A UGA researcher who recently demonstrated a new way to map the human brain has been granted a CAREER award by the National Science Foundation to widen the scope of his research.
Tianming Liu, an assistant professor of computer science in the Franklin College of Arts and Sciences, will map the nerve fiber connection patterns between different brain regions—called nodes or landmarks—and use the maps to identify landmarks common to all healthy human brains.
Liu’s research also aims to more accurately define the functions of brain landmarks within larger connected groups. The project will lay the groundwork for better understanding of disorders such as Alzheimer’s disease, autism and schizophrenia, among others.
Researchers have tried for years to clearly define the parts of the brain that control particular functions, such as language or sight. It has long been assumed that certain regions handle specific tasks. Recent research, however, indicates that individual brain functions are not confined to large, single parts, but rather depend on interactions between the nodes or landmarks scattered across the brain. Groups of connected landmarks specialize in particular functions, even though the individual landmarks might be far apart and in different regions.

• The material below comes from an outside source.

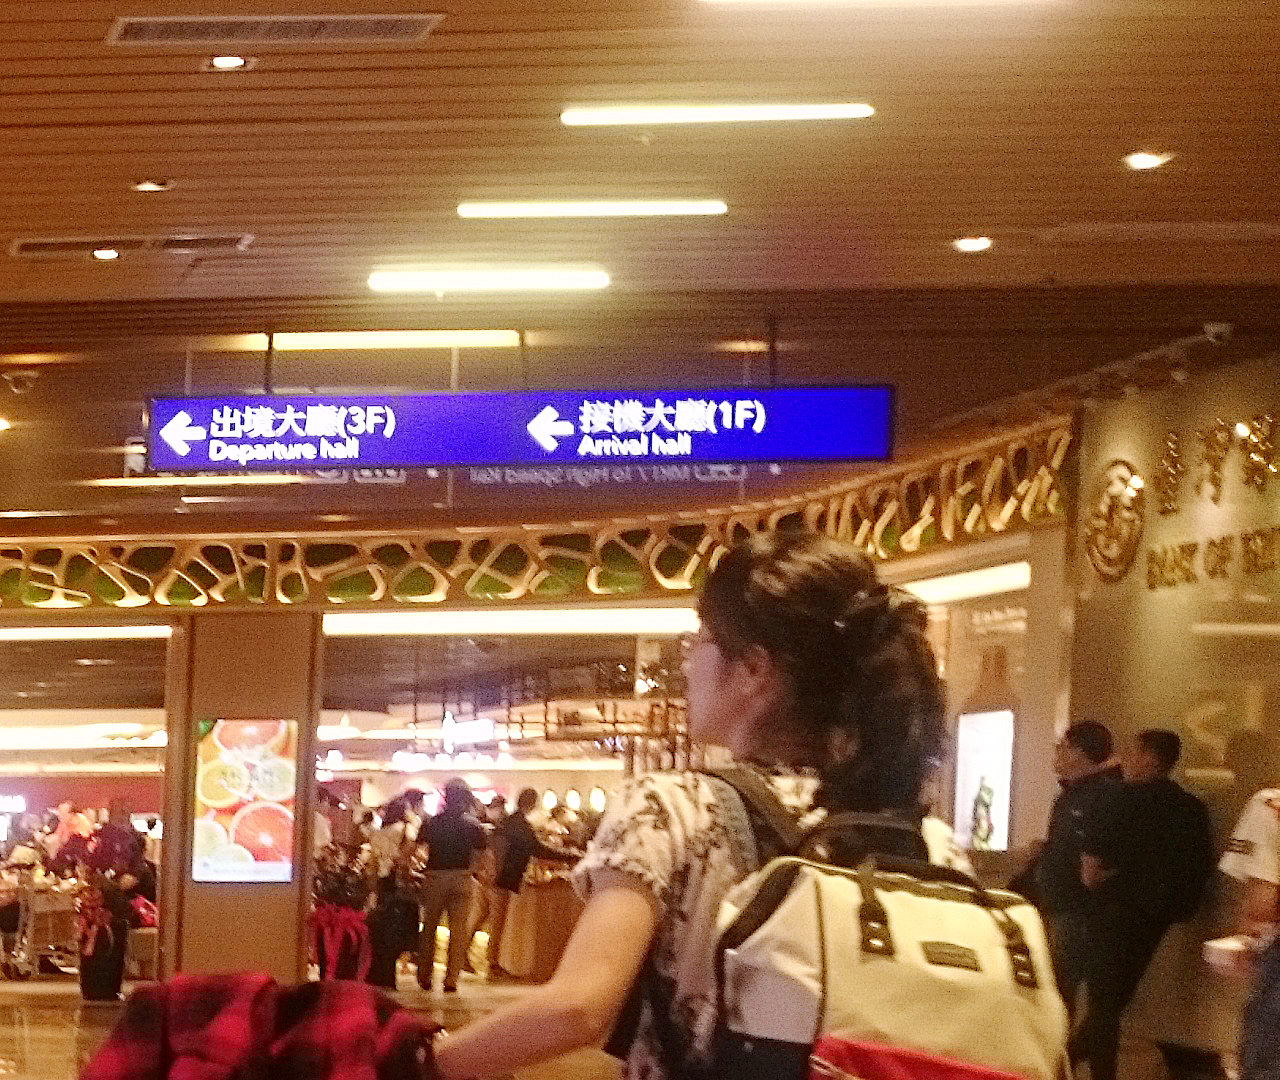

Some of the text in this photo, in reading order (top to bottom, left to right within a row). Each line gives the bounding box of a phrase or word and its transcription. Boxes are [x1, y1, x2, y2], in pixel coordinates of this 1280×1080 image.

[209, 436, 359, 465] Departure hall
[578, 432, 691, 456] Arrival hall

However, it remains to be proven if the landmarks and their connected groups match in all humans. Liu’s research will explore whether all brains have the same types of landmarks, in equal numbers, and whether the landmarks are all connected in the same way. The variable sizes, locations and tangled nerve strand connections of the nodes make it difficult to be sure.

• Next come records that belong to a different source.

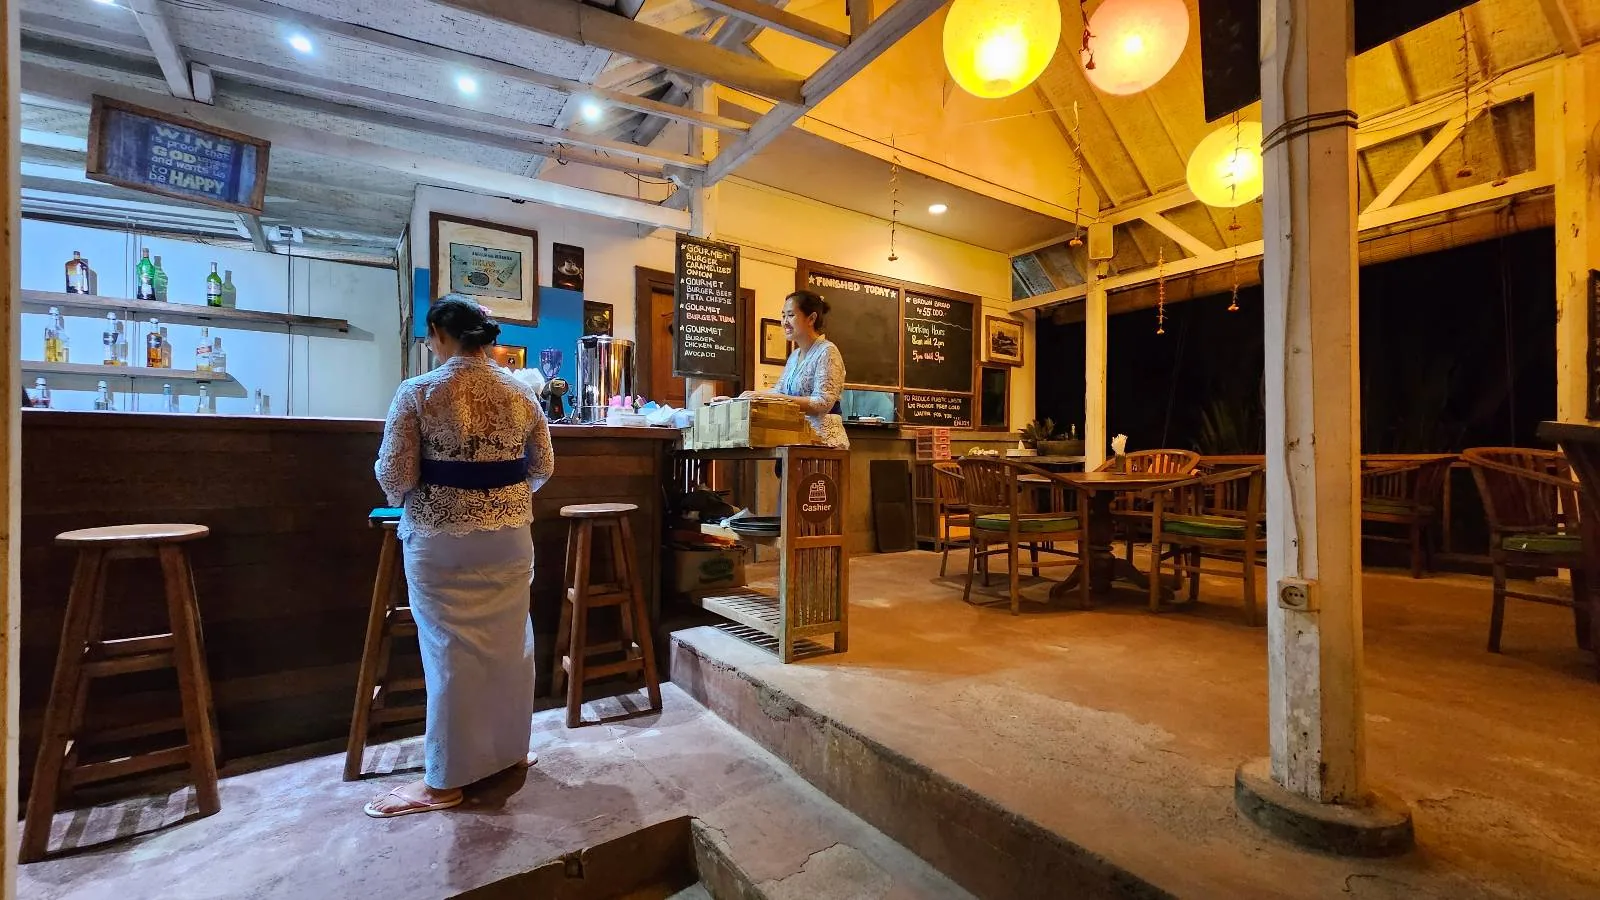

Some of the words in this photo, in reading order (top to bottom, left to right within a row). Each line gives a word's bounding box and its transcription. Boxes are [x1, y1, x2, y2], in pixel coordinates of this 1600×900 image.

[155, 126, 231, 154] WINE
[151, 135, 162, 143] is
[167, 140, 199, 152] proof
[205, 149, 231, 160] that
[152, 145, 197, 164] GOD
[151, 155, 173, 166] and
[176, 161, 209, 174] wants
[152, 164, 168, 175] to
[149, 171, 166, 183] be
[169, 169, 225, 195] HAPPY
[686, 244, 729, 260] GOURMET
[686, 253, 718, 266] BURGER
[685, 261, 732, 275] CARAMELIZED
[686, 269, 713, 279] ONION
[685, 277, 724, 289] GOURMET
[815, 276, 861, 292] FINISHED
[864, 285, 890, 298] TODAY
[686, 285, 714, 295] BURGER
[716, 287, 732, 297] BEEF
[686, 293, 704, 302] FETA
[705, 295, 732, 305] CHEESE
[912, 298, 933, 306] BROWN
[685, 302, 721, 315] GOURMET
[686, 312, 718, 322] BURGER
[718, 316, 736, 324] TUNA
[685, 324, 723, 336] GOURMET
[906, 323, 930, 338] Working
[931, 324, 946, 336] Hours
[685, 333, 715, 343] BURGER
[684, 341, 712, 349] CHICKEN
[714, 344, 735, 352] BACON
[684, 350, 716, 358] AVOCADO
[911, 394, 931, 402] REDUCE
[802, 503, 832, 512] Cashier
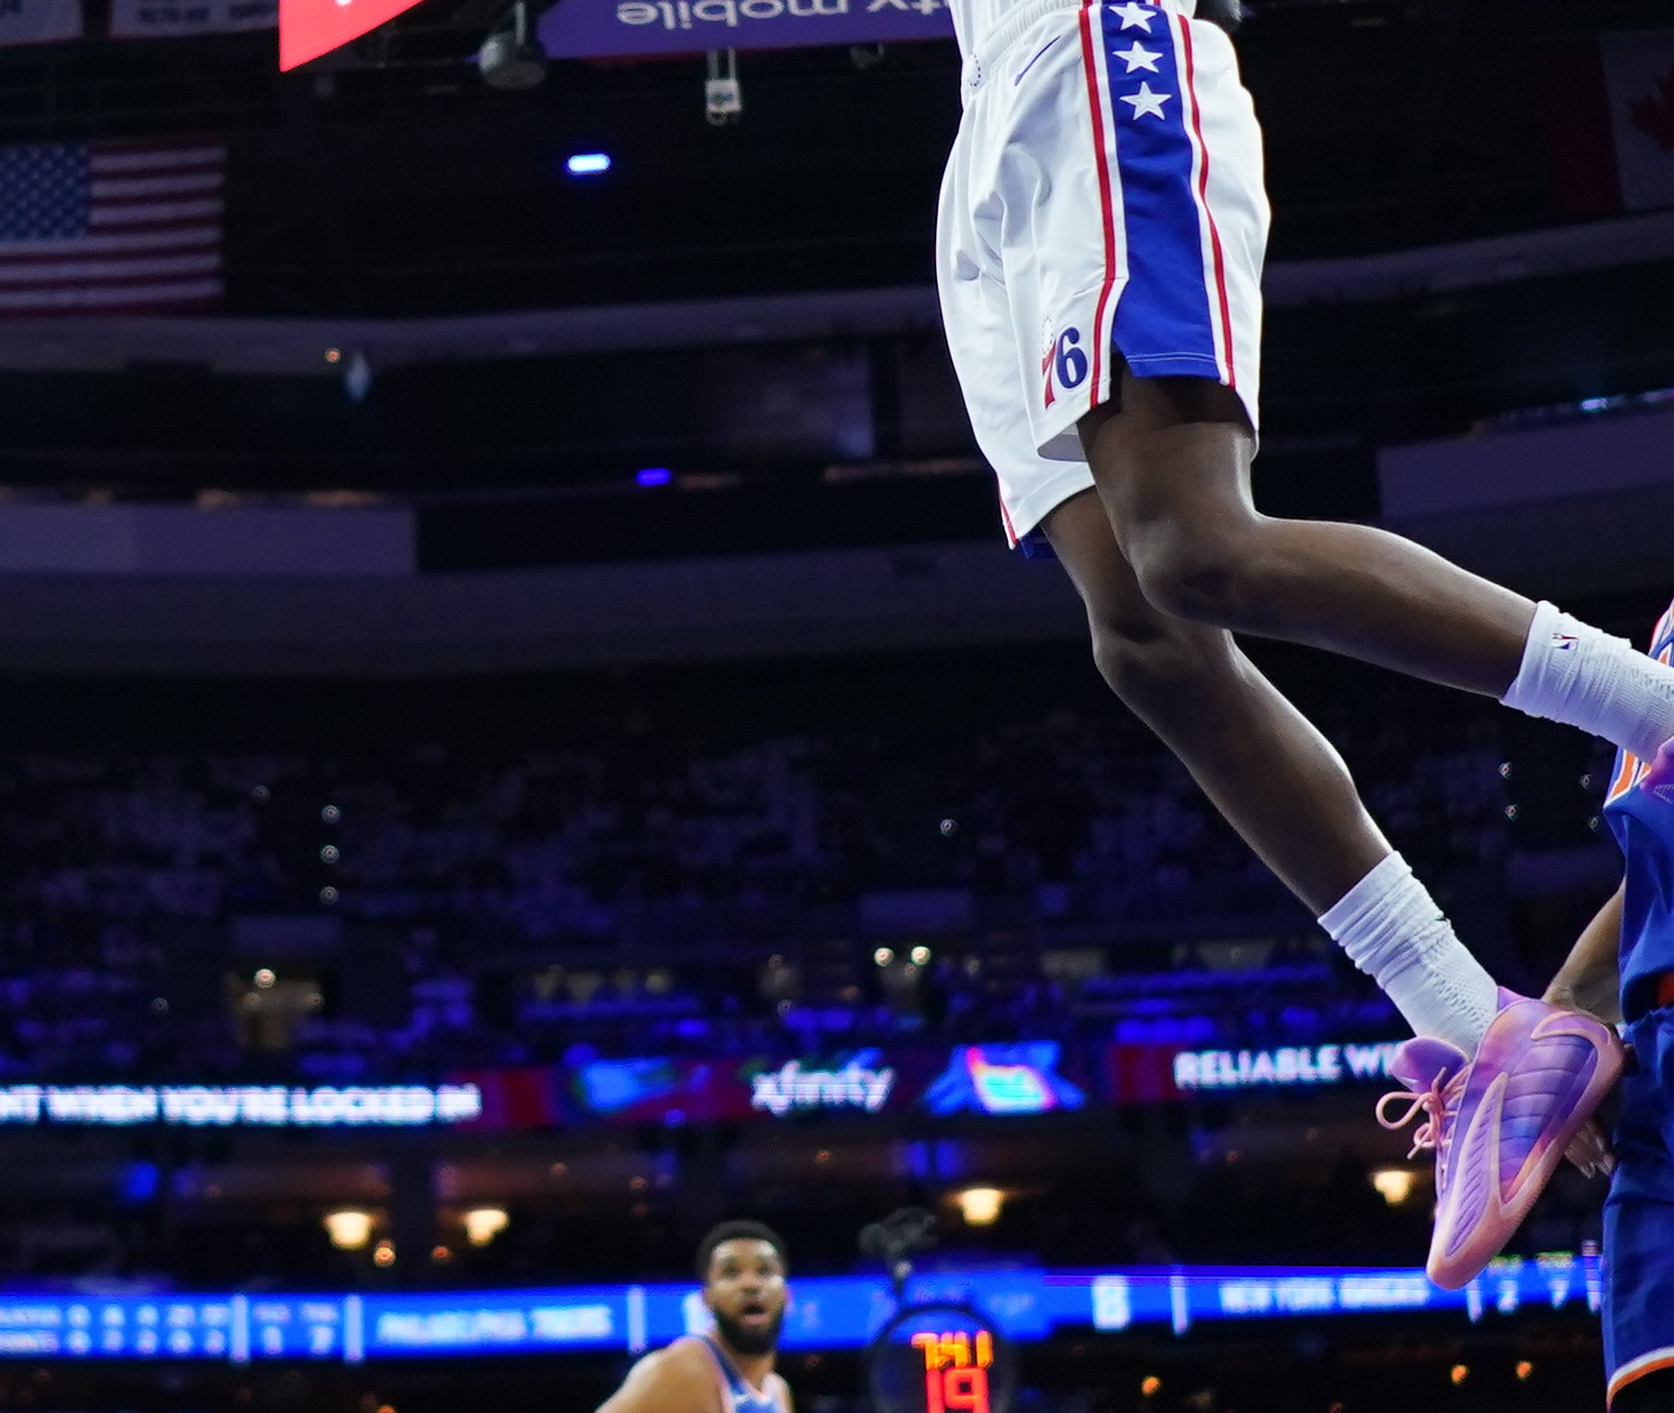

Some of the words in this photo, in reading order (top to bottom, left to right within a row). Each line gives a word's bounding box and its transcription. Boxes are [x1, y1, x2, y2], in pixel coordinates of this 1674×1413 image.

Instead of mapping individual nerve connections to individual landmarks—a task akin to mapping the location of all the leaves on a tree—Liu and his team will create “trace-maps” of the overall nerve fiber connection patterns to each landmark.
“Essentially, the trace-map projects a fiber’s geometric features and can represent the global connectivity pattern of a fiber bundle,” said Liu. “We will be able to ‘fingerprint’ brain landmarks by mapping their connection patterns to other landmarks. This will enable us to identify the same landmarks in other brains.”
Once the common landmarks are identified, Liu and his team will compare the activity of landmarks in different brains dealing with the same tasks, also known as “functional activity.”
Those nodes that show consistent functional activity patterns for the same perceptive or cognitive tasks can be linked to those tasks. The work will more clearly identify the functions of groups of landmarks and will aid researchers in spotting differences that occur with brain disorders.
Liu also will use his project to train students. Graduate and undergraduate students from different fields will design and collaborate on a brain image analysis project using brain scans and data gathered at UGA’s Bioimaging Research Center.